Task statement: With the pictures omitted, write out the entries that follow exactly as they stand.

⁂

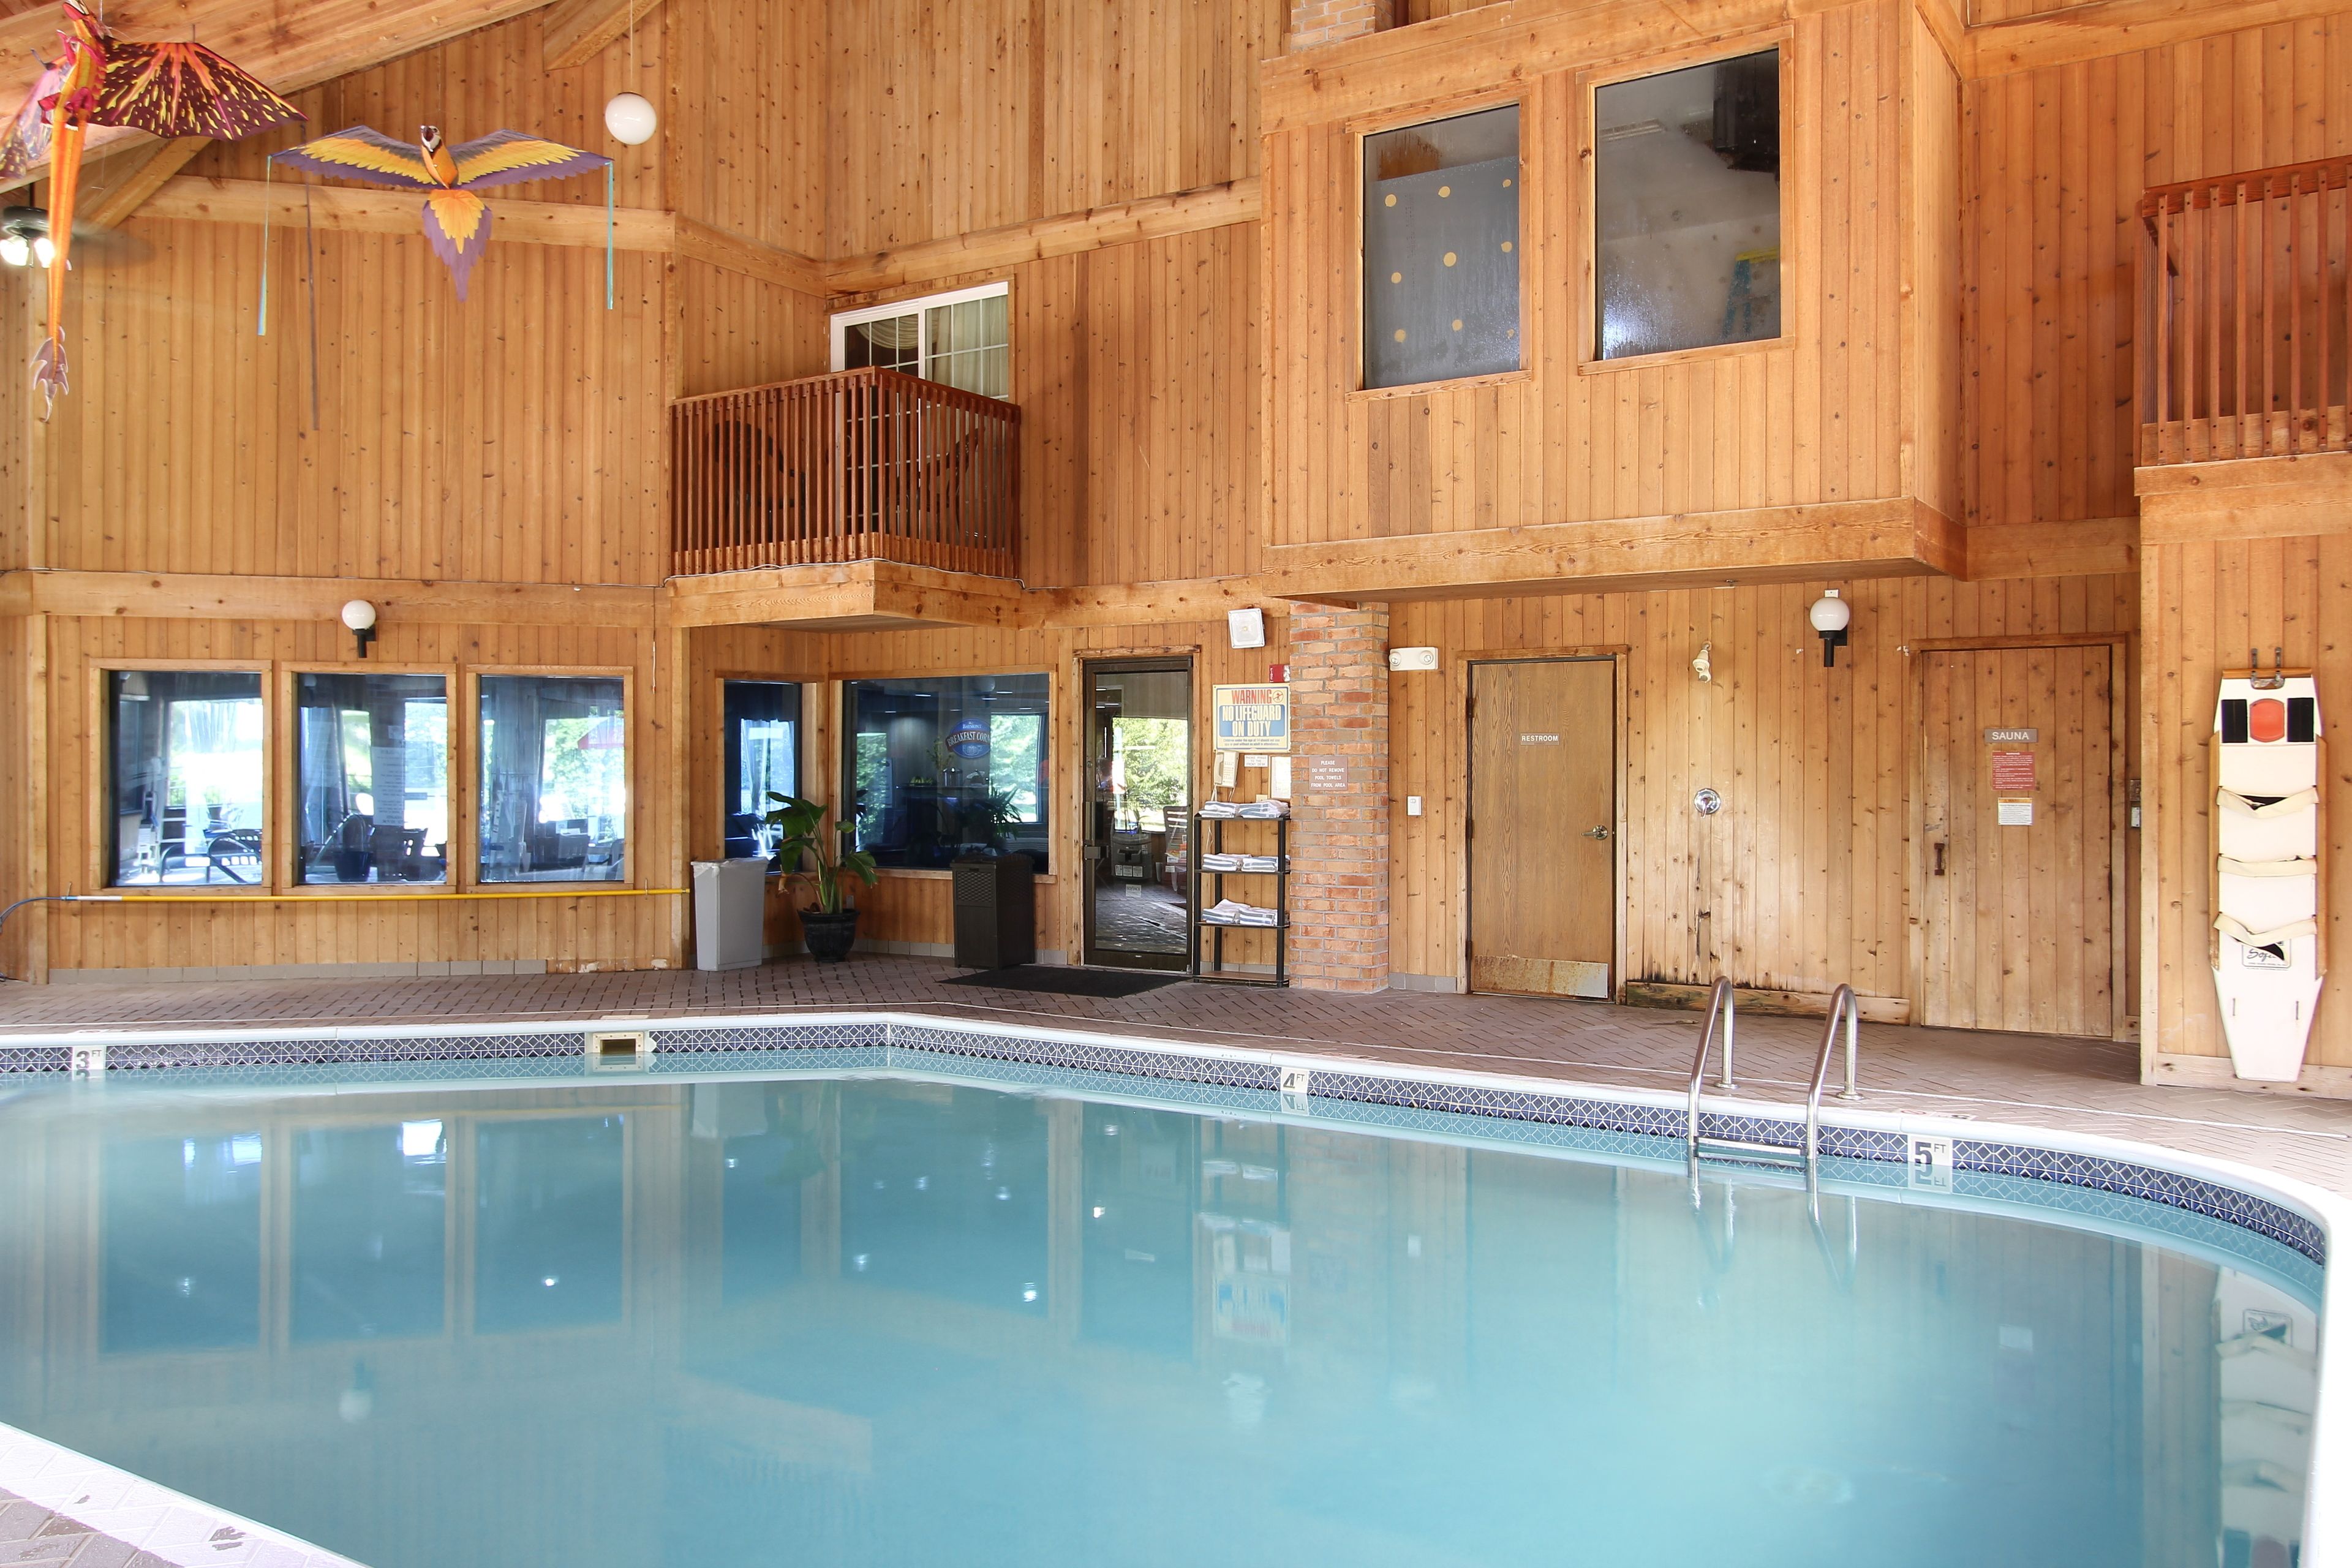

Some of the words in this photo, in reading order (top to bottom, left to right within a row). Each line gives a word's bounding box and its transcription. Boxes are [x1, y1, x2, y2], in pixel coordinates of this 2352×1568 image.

[1232, 689, 1272, 704] WARNING
[1223, 706, 1234, 722] NO
[1235, 705, 1281, 721] LIFEGUARD
[1232, 721, 1244, 736] ON
[1247, 721, 1271, 736] DUTY
[1992, 731, 2029, 740] SAUNA
[947, 731, 976, 747] BREAKFAST
[1915, 1141, 1932, 1165] 5
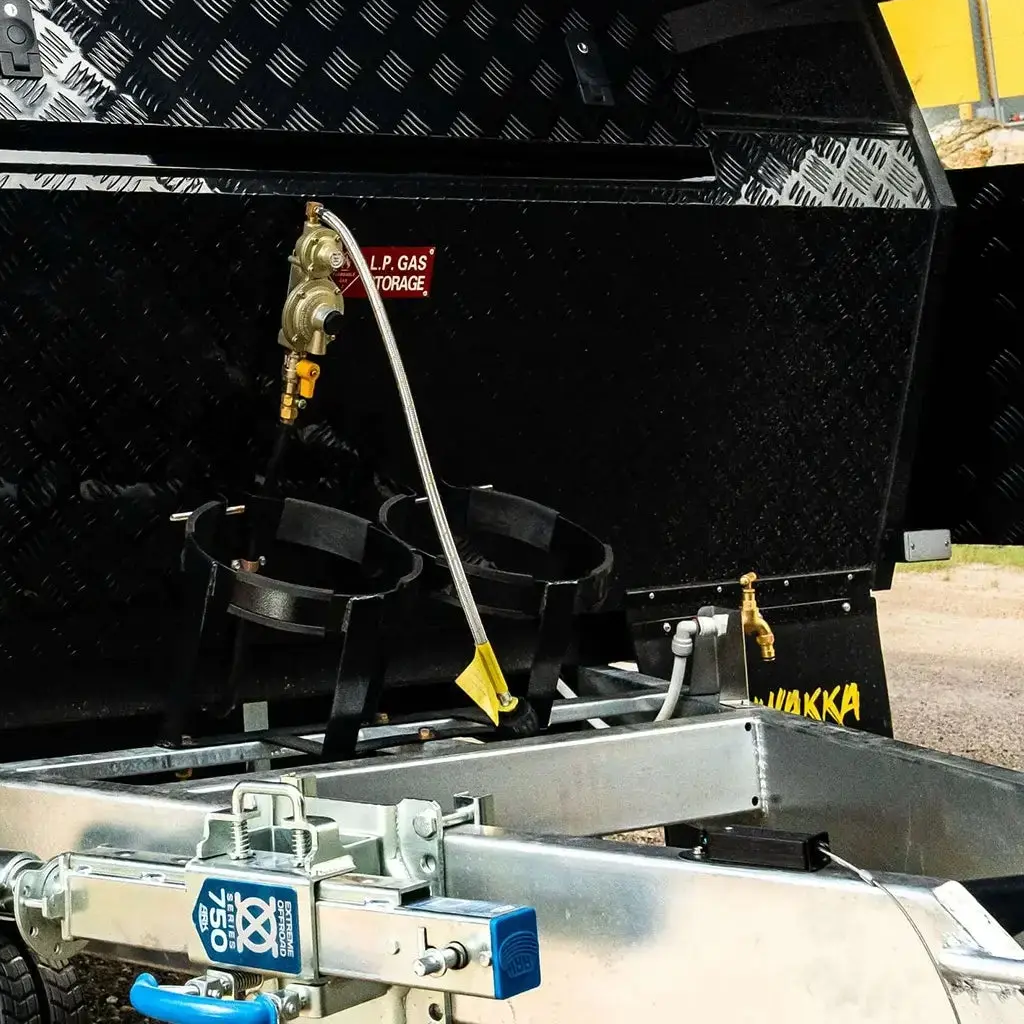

⁂

Solved exercise:
Some of the words in this photo, in reading order (top to bottom, left to right within a row). Each line gives a word's bounding box and its transcription. Boxes are [x1, y1, x2, y2], in pixel coordinates of this 2352×1568 image.

[1232, 689, 1272, 704] WARNING
[1223, 706, 1234, 722] NO
[1235, 705, 1281, 721] LIFEGUARD
[1232, 721, 1244, 736] ON
[1247, 721, 1271, 736] DUTY
[1992, 731, 2029, 740] SAUNA
[947, 731, 976, 747] BREAKFAST
[1915, 1141, 1932, 1165] 5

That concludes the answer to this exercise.